Acquisti a peso d’oro (Oscar su tutti), ingaggi faraonici (leggi alla voce 38mln annui per Tevez) e tentativi degni del miglior Paperon de’ Paperoni per due stelle del calcio europeo come Cristiano Ronaldo e Aubameyang: la Cina ormai è diventata un’autentica potenza sul mercato, forte di un regolamento che consente ai club di contenere le spese sugli acquisti dei giocatori locali (anche se il caso di Chengdong Zhang, attaccante pagato 20mln dall’Hebei ed autore di zero gol negli ultimi due anni, rende preoccupanti le cifre interne) e sparare cifre assurde, fuori dal mercato e irrinunciabili per l’acquisto dei 5 stranieri da tesserare nella lista per il campionato locale.
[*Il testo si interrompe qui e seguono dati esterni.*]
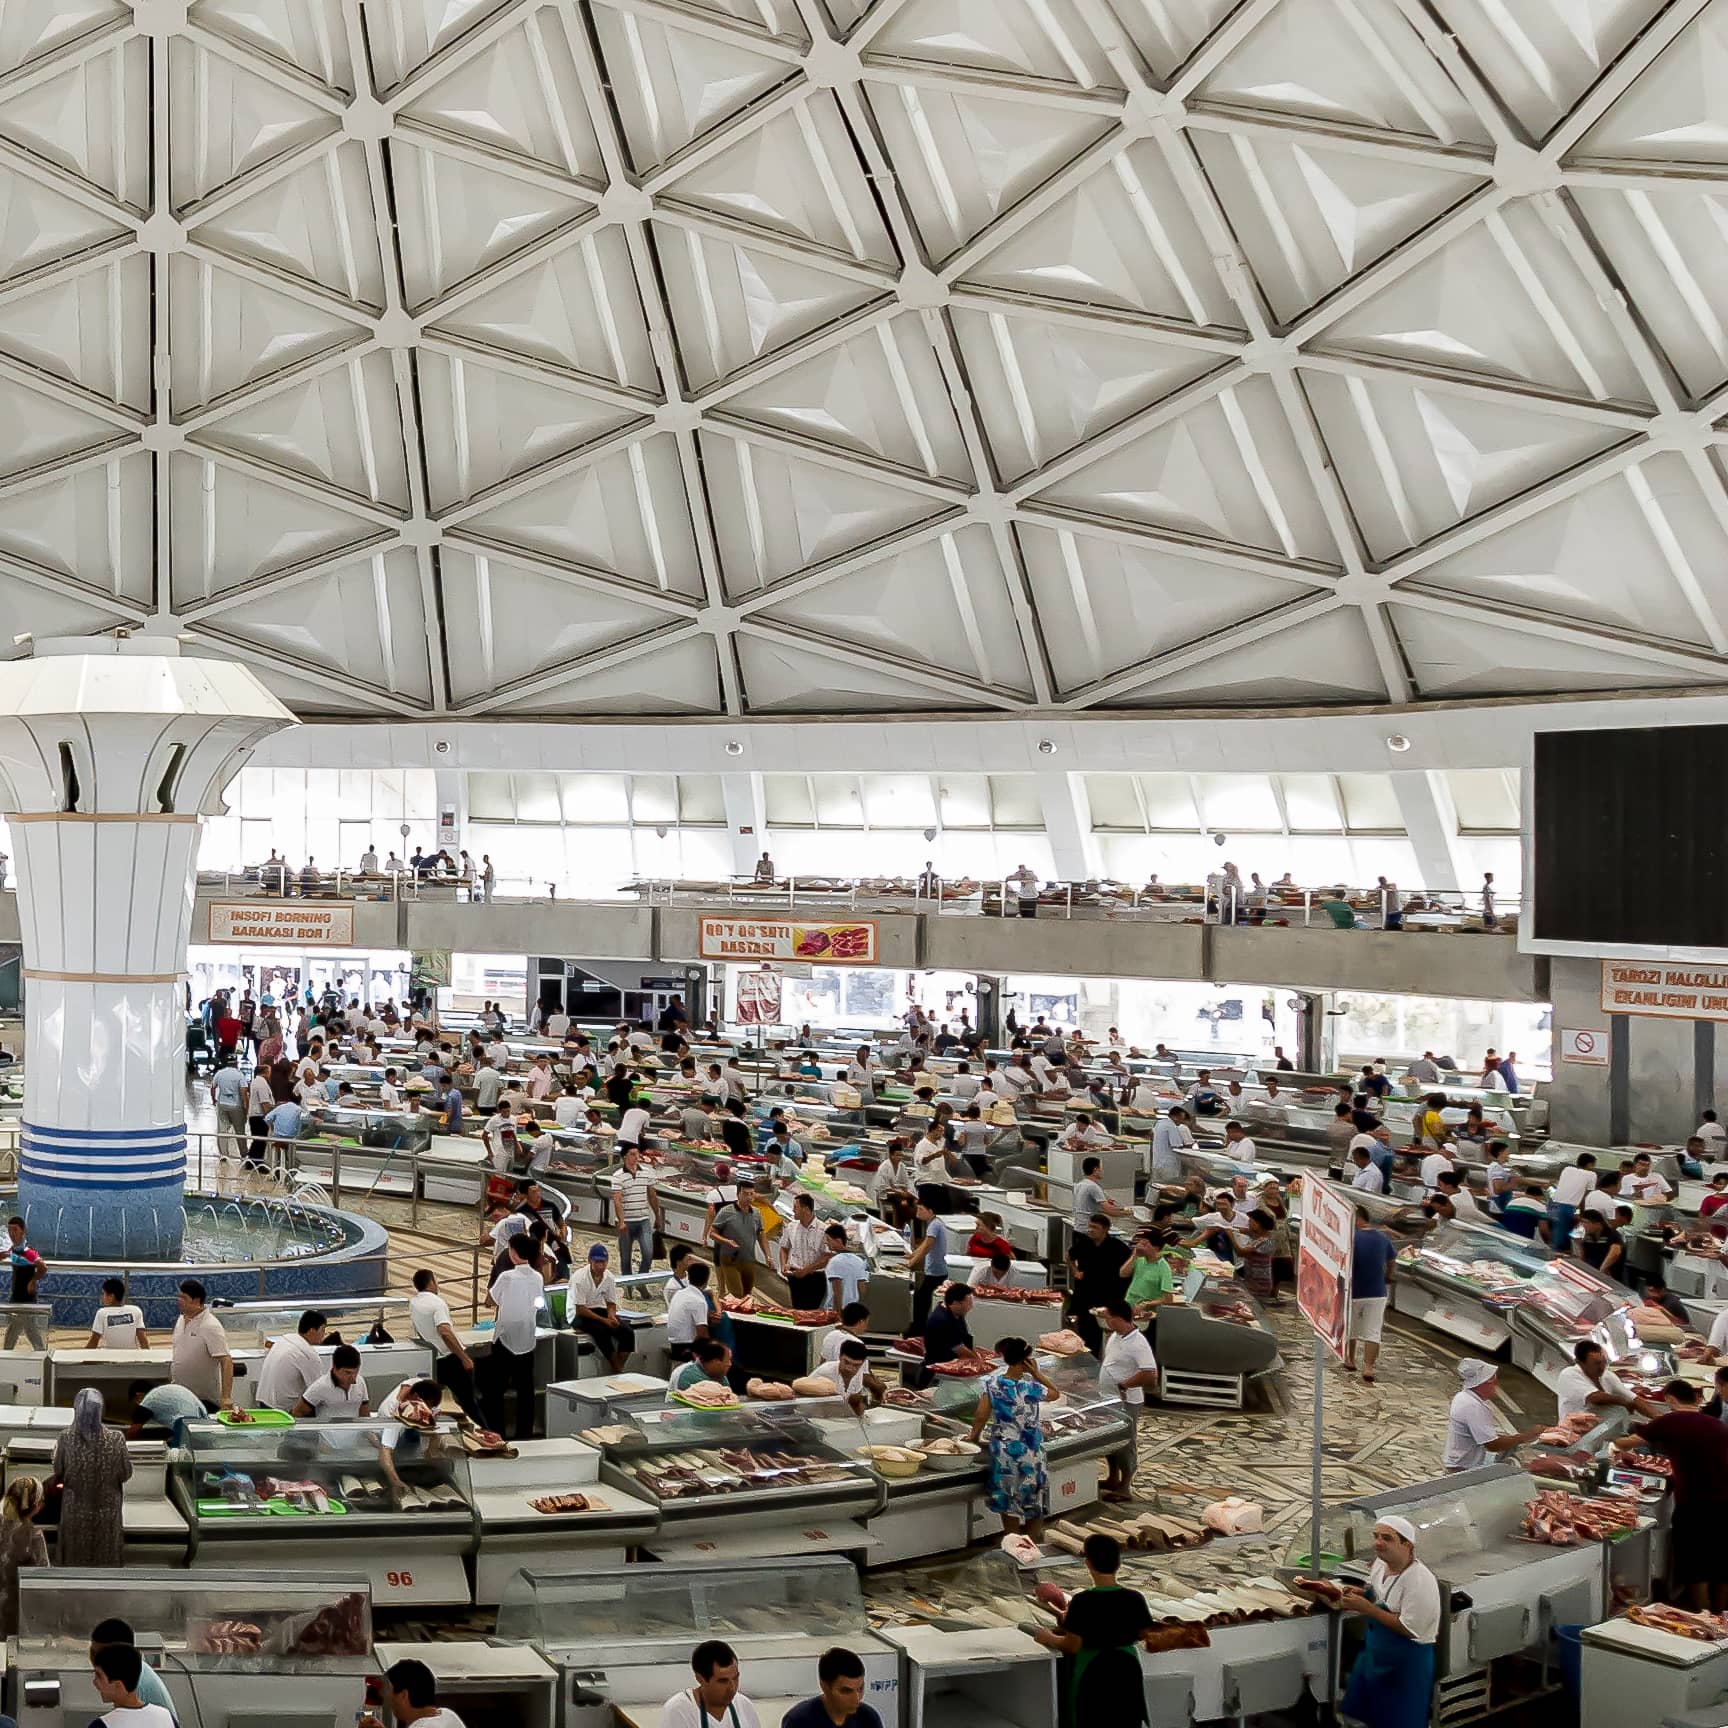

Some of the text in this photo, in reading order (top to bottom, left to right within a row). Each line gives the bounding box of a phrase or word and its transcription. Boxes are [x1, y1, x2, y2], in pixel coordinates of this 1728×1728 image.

[230, 911, 332, 923] INSOFI BORNING
[231, 925, 294, 937] BARAKASI
[386, 1572, 413, 1587] 96
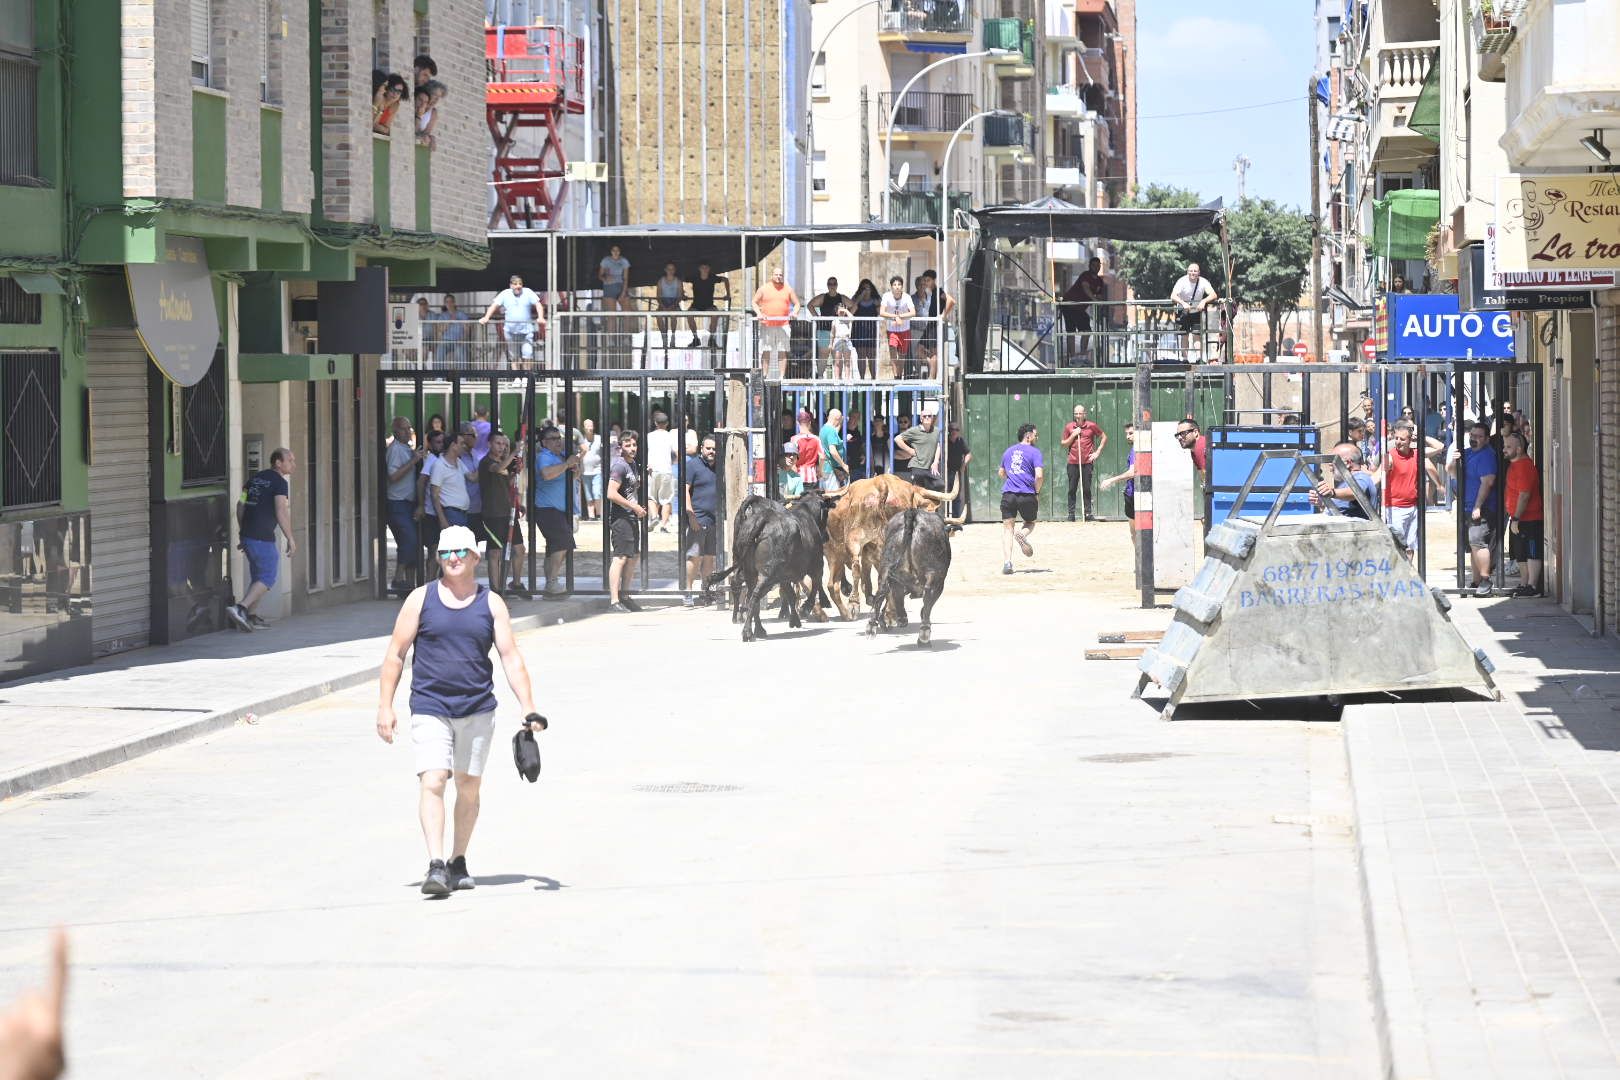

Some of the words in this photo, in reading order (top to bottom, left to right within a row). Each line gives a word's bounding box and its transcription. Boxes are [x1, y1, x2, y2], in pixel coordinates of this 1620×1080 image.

Ma in futuro le cose potrebbero cambiare drasticamente, dato che l’attuale regolamento è vicino ad essere cambiato e diventare il simbolo di una generazione passata: un ruolo importante, in questo cambiamento, l’hanno giocato le lamentele provenienti dalla stampa europea e non, che hanno portato all’attenzione dell’invasivo governo cinese (che di fatto controlla i fili della Federcalcio locale) le spese pazze dei club della Super League (Shanghai SIPG su tutti) e spinto a un cambiamento. L’intervento dello Stato inizialmente sembrava doversi fermare all’invito a contenere le cifre dei trasferimenti già da questa sessione di mercato (un invito raccolto, al momento, solo dal Tianjin Quanjian: l’offerta per Kalinic è scesa dai 50mln della clausola a 30-35) e alla riduzione degli stranieri a quattro nel 2018, ma in realtà il cambiamento sarà ben più drastico e immediato.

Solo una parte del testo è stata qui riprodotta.